When Des Moines and Salt Lake are blowing up, something is happening.

Two hundred years after the revolution I lived cloistered with 1,800 other white men behind the Mankato sandstone walls of St. Thomas, a fortress against the reality of the Midway area near the fairgrounds that burned last weekend. These were the men who would go on to run the Twin Cities. Later, I lived in the Selby-Dale neighborhood, a white preppie interloper in a predominantly black community. I would walk past the Martin Luther King Center cognizant of black men my age watching me as I got on the bus to ride for an hour down Lake Street on my way to work the night shift at the Minneapolis newspaper.

Anxiety born of ignorance and prejudice prevented me from stopping to learn their stories. I was vaguely aware of why the Native American men at Lake and Chicago, now rubble, lived in a stupor of despair. I saw them but not the Native-owned businesses and service agencies all around. The street grew in prosperity over the decades into a business corridor of diverse array. I knew of past race riots in 1968 in North Minneapolis, but could not have dreamed that all these old haunts would go up in a smash of glass and flames today.

Marty and Tom were incredulous, too, so close to it and trying to understand all of it.

The skinheads who drove in from other cities. The white anarchists. Black looters too. That the protests were peaceful until the sun went down. That everything in America is colored by race. That people were willing to risk catching the coronavirus to walk onto a freeway and protest. Why was a building full of artist studios burned down along with the Target and the Cub Foods? Is it safe to get some milk? At night thousands burned it down. Come morning, thousands more came out and cleaned it up.

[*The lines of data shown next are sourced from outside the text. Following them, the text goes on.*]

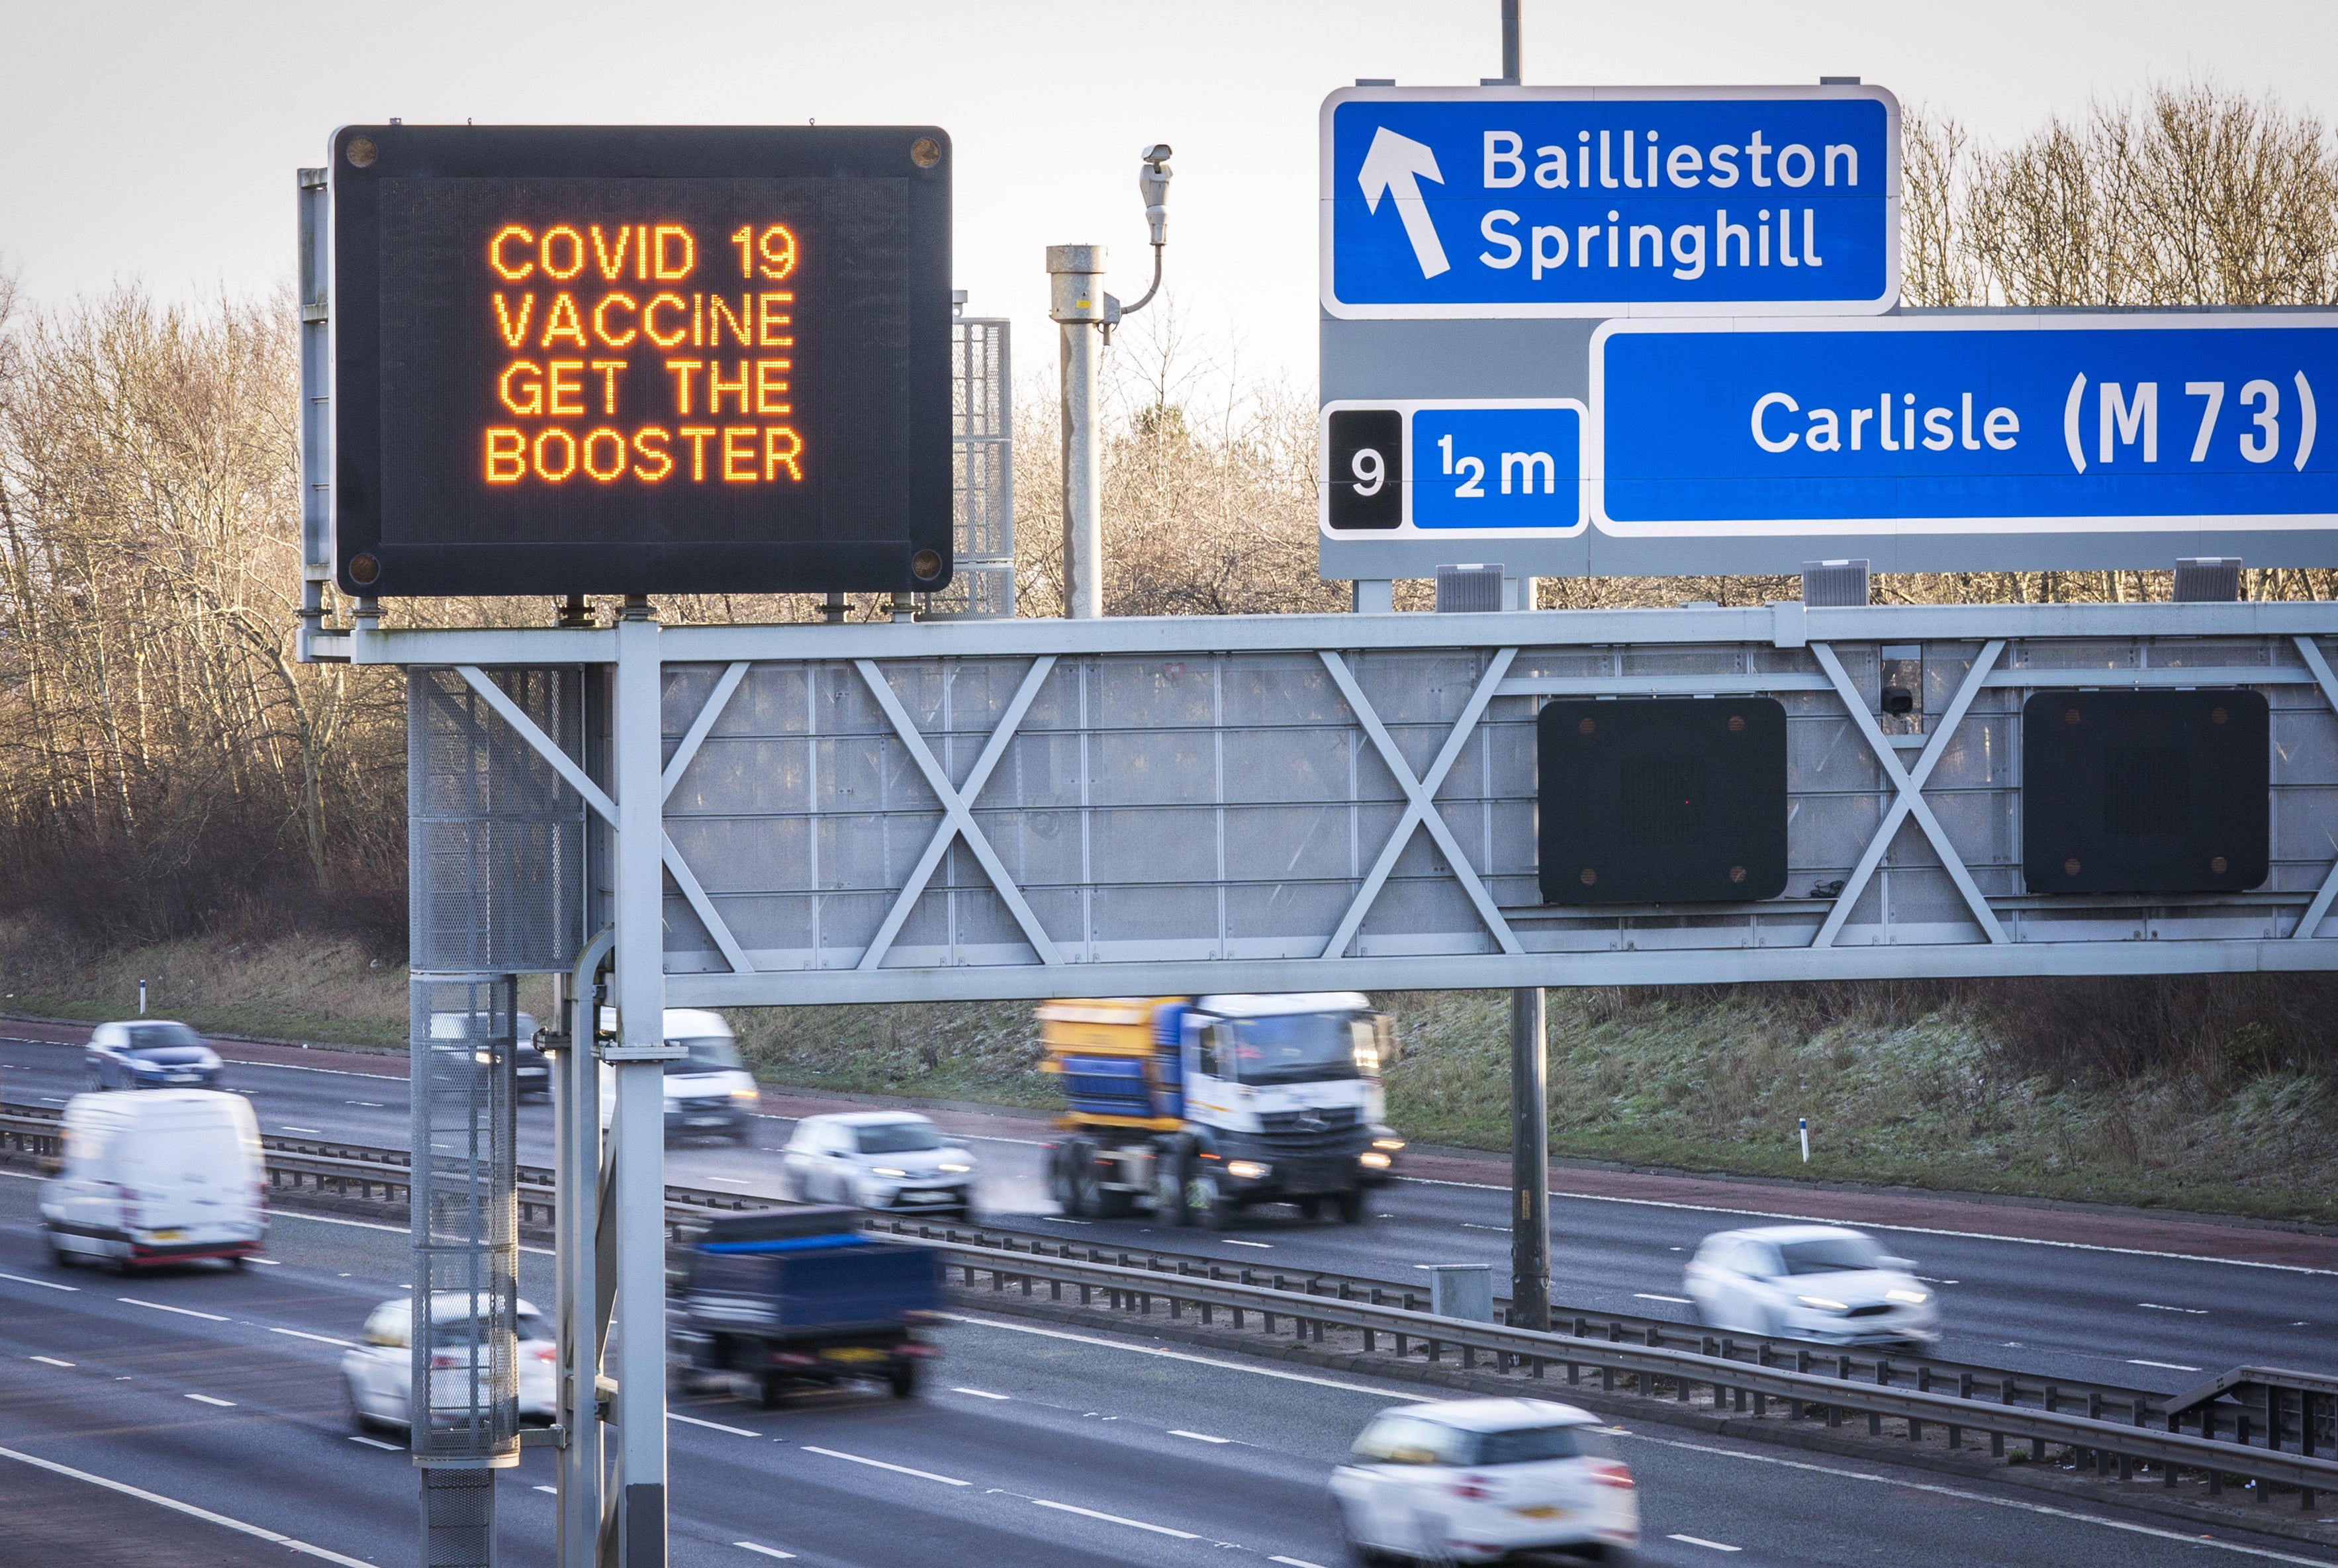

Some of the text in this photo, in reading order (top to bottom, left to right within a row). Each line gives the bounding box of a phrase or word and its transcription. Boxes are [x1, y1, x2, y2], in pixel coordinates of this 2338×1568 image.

[1483, 130, 1857, 189] Baillieston
[489, 225, 797, 281] COVID 19
[1479, 208, 1822, 281] Springhill
[492, 293, 794, 348] VACCINE
[498, 359, 792, 416] GET THE
[1751, 392, 2020, 453] Carlisle
[485, 426, 803, 483] BOOSTER
[1352, 448, 1385, 496] 9
[1501, 451, 1555, 494] m

They left bags of groceries at the Ivy Building for all who needed it. And then the governor called up every National Guard member to converge and snuff out the violence. Who is the enemy? The President and the Attorney General are hunting for one when they should be wondering why entire metroplexes are prone to explode. Antifa in Davenport? Please.

Why now, and why this?

Royce White, the former Iowa State basketball star, was helping to lead the protests on Interstate 35 until a truck drove through the peaceful crowd. White, a Minneapolis native, said he could rationalize how a police officer could lose it in a split second and kill an innocent. But this —this was a cop with a knee on a black man’s throat for 10 minutes. There is just no doubt about it. This picture illustrated 400 years of lynching for people like me, who could not see it while freezing next to a poor bag lady at the bus stop 40 years ago.

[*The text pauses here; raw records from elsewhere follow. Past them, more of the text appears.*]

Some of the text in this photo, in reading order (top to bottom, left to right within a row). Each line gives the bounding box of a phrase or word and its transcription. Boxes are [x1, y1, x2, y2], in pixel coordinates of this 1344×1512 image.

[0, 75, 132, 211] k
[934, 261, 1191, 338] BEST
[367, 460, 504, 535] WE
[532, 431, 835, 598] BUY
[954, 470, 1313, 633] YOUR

There is the rage of poverty, and a system that never lets you up for air. It seems that not enough people care if black and Native American people die of coronavirus and other disease at rates exponentially higher than whites, mainly because they never had the chance to matriculate like I did.

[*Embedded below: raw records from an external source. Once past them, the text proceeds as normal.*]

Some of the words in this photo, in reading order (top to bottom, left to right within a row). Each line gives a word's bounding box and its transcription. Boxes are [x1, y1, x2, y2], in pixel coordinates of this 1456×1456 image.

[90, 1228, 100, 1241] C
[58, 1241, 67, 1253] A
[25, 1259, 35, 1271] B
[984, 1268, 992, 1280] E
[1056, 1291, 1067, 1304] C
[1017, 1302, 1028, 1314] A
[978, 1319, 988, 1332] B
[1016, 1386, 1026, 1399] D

They say they will rebuild the community. I hope so, but I am skeptical what sort of community emerges. Who wants to invest in young black men? If you can leave it, then it is no longer your problem. I knew I would be leaving Selby-Dale, now gentrified. Others don’t have that choice.

This time might be different. We are coming to that recognition — that this is enough, and that things actually have become worse for people at the bottom despite all the wealth flowing on either side of the Mississippi. Royce White got the police to kneel with him. The sheriff marched with the protestors at Flint. That’s a start.